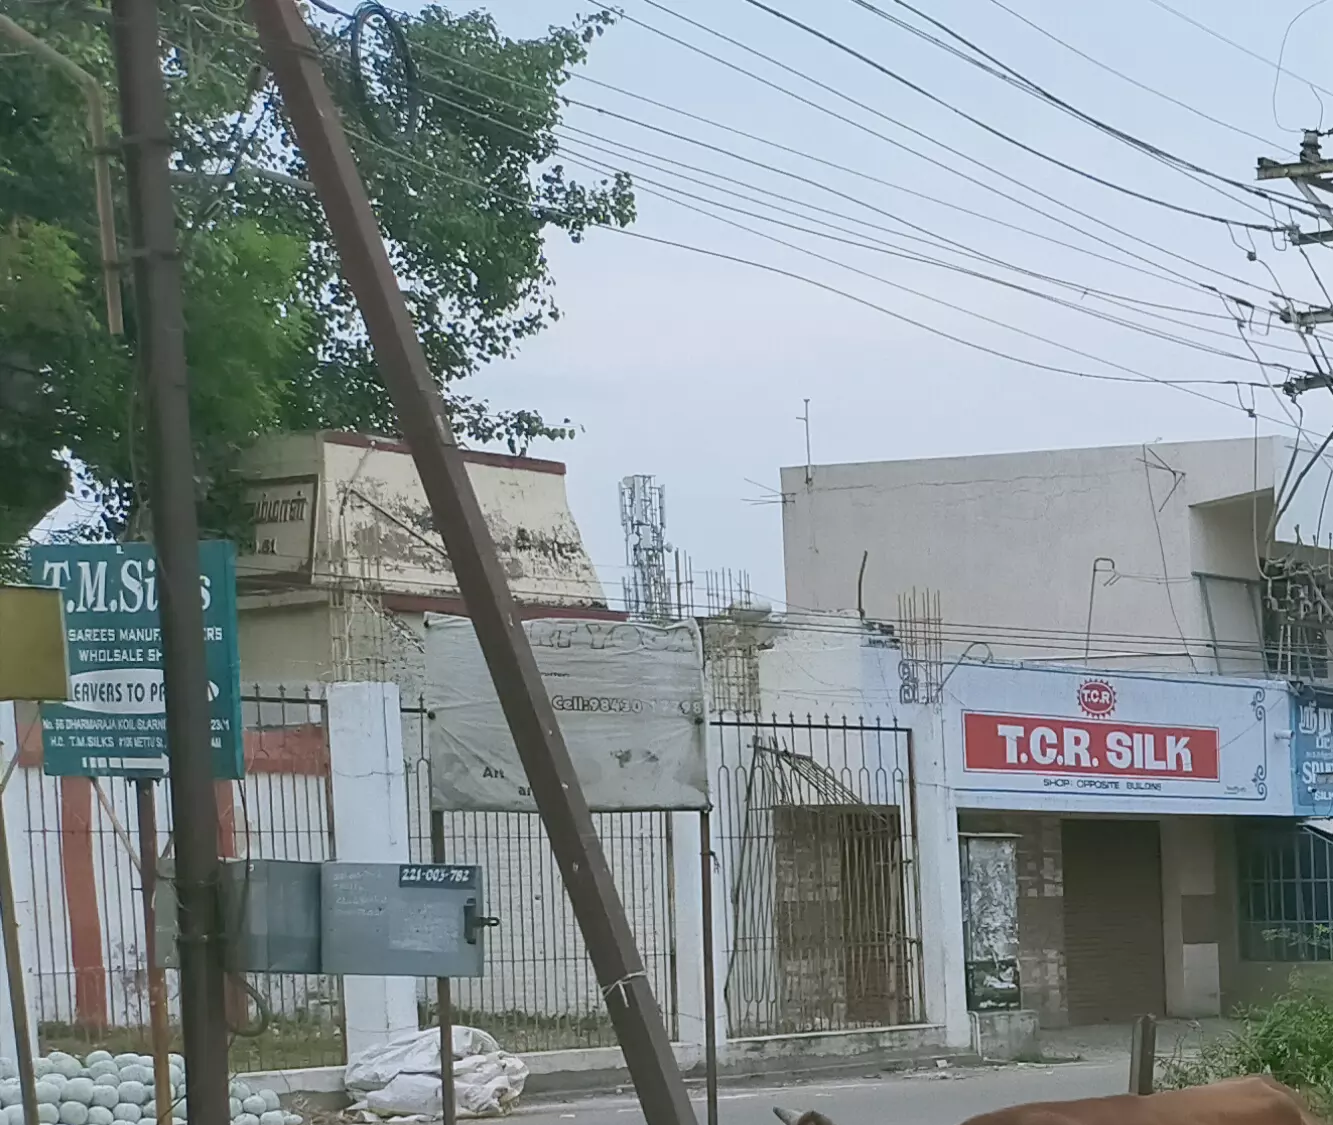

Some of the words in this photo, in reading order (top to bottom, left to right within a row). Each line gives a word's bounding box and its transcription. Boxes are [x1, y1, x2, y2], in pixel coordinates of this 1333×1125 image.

[42, 558, 211, 613] T.M.Sis
[68, 628, 115, 642] SAREES
[119, 627, 222, 642] MANUFRS
[530, 623, 578, 648] RT
[78, 649, 143, 662] WHOLSALE
[73, 683, 122, 702] EAVERS
[126, 683, 145, 701] TO
[997, 723, 1099, 768] T.C.R.
[1106, 731, 1192, 772] SILK
[1077, 780, 1120, 790] OPPOSITE

- **What needs to be done**: Output every record above exactly, leaving out the pictures.

- **Response below**:
Some of the words in this photo, in reading order (top to bottom, left to right within a row). Each line gives a word's bounding box and its transcription. Boxes are [x1, y1, x2, y2], in pixel coordinates of this 1333×1125 image.

[42, 558, 211, 613] T.M.Sis
[68, 628, 115, 642] SAREES
[119, 627, 222, 642] MANUFRS
[530, 623, 578, 648] RT
[78, 649, 143, 662] WHOLSALE
[73, 683, 122, 702] EAVERS
[126, 683, 145, 701] TO
[997, 723, 1099, 768] T.C.R.
[1106, 731, 1192, 772] SILK
[1077, 780, 1120, 790] OPPOSITE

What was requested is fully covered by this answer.